I recently finished reading the fascinating and engaging Freakonomics by Steven D. Levitt and Stephen J. Dubner, a diversion, while in the midst of trying to get through this months mammoth reading club book, The Shield of Achilles (a doorstop weighing in at 827 pages). I’d say this book is on par with those by Malcolm Gladwell in the way they challenge you to view the world in a different way. The authors state that: “Morality…represents the way people would like to work-whereas economics represents how it actually works.” And I think this has been one of the reasons I have always been uneasy with commerce-it isn’t moral. Corporations don’t care about people-they care about profit margins for the shareholders. So throughout this book they try to uncover the truth and attack conventional wisdom:
It was John Kenneth Galbraith, the hyper literate economic sage who coined the phrase “conventional wisdom.” He did not consider it a compliment. “We associate truth with convenience,” he wrote, “with what most closely accords with self-interest and personal well-being or promises best to avoid awkward effort or unwelcome dislocation of life. We also find highly acceptable what contributes most to self-esteem.” Economic and social behavior, Galbraith continued, “are complex and to comprehend their character is mentally tiring. Therefore we adhere, as though to a raft, to those ideas which represent our understanding.”So conventional wisdom in Galbraith’s view must be simple, convenient, comfortable, and comforting=though not necessarily true. It would be silly to argue that conventional wisdom is never true. But noticing where the conventional wisdom may be false-noticing perhaps, contrails of sloppy or self-interested thinking-is a nice place to start.

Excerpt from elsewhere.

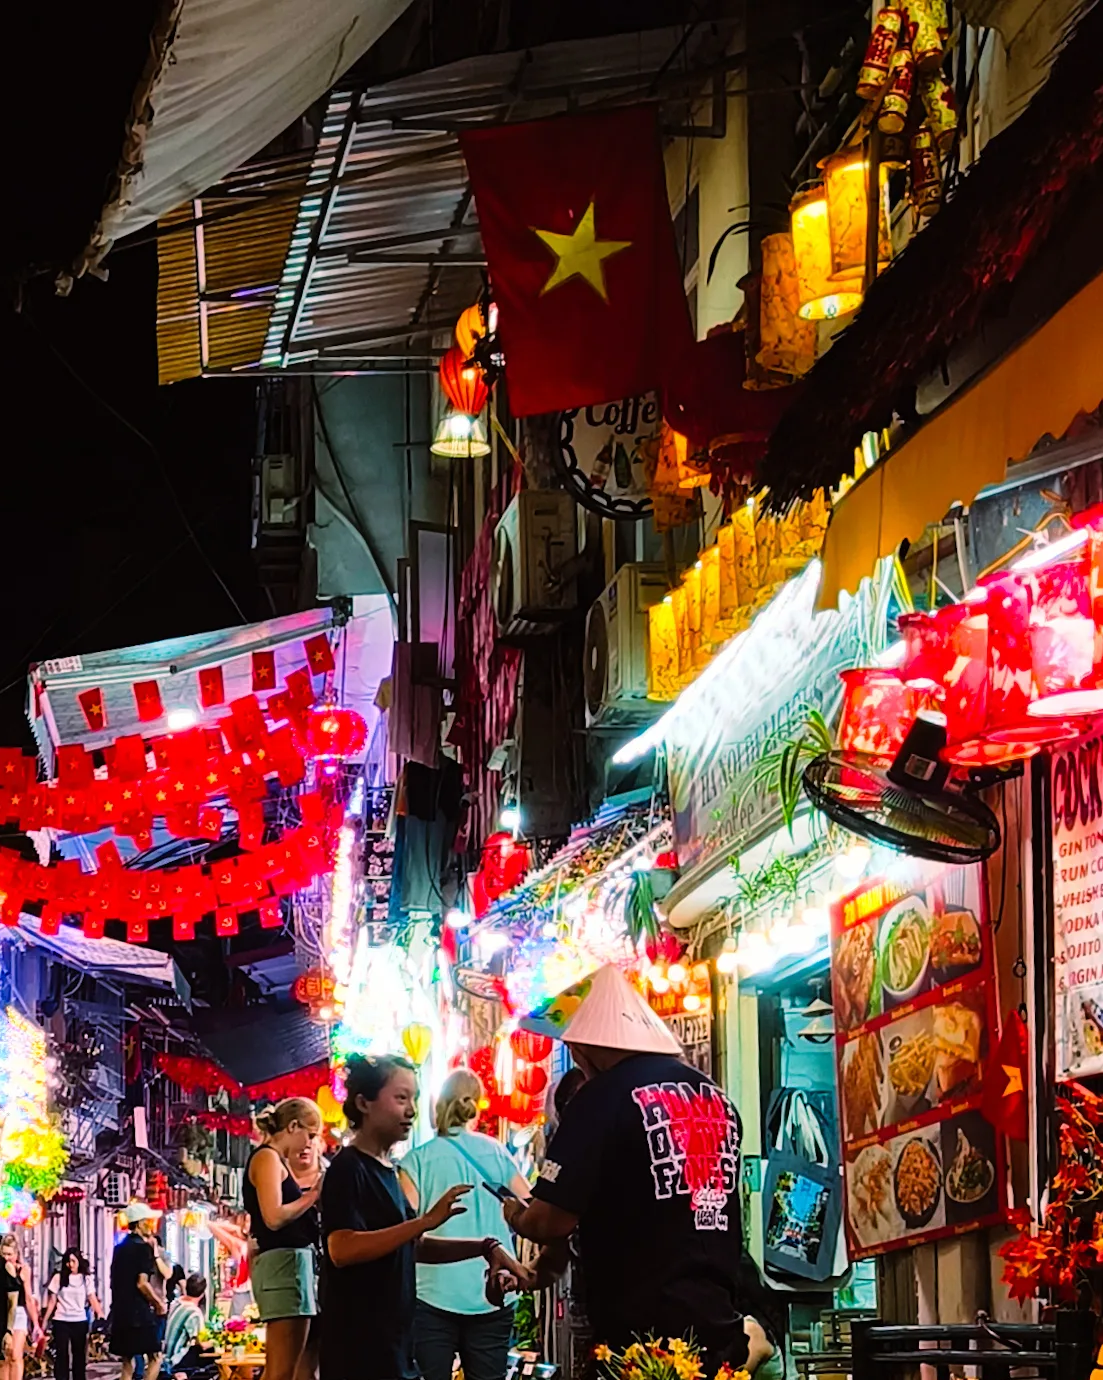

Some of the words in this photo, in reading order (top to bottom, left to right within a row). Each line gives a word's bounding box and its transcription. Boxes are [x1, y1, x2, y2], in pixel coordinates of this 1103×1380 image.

Furthermore, I am sure some of their findings will upset some people. For example, “Where have All the Criminals Gone?” he contributes the reduction in crime, not to what conventional suggests (innovative policing strategies, increased reliance on prisons, changes in crack and other drug markets, aging of the population, tougher gun control laws, strong economy, increased number of police, increased use of capital punishment, concealed-weapons laws, gun buybacks, and others), but rather to the legalization of abortion: “Legalized abortion led to less unwantedness; unwantedness leads to high crime; legalized abortion, therefore, led to less crime.”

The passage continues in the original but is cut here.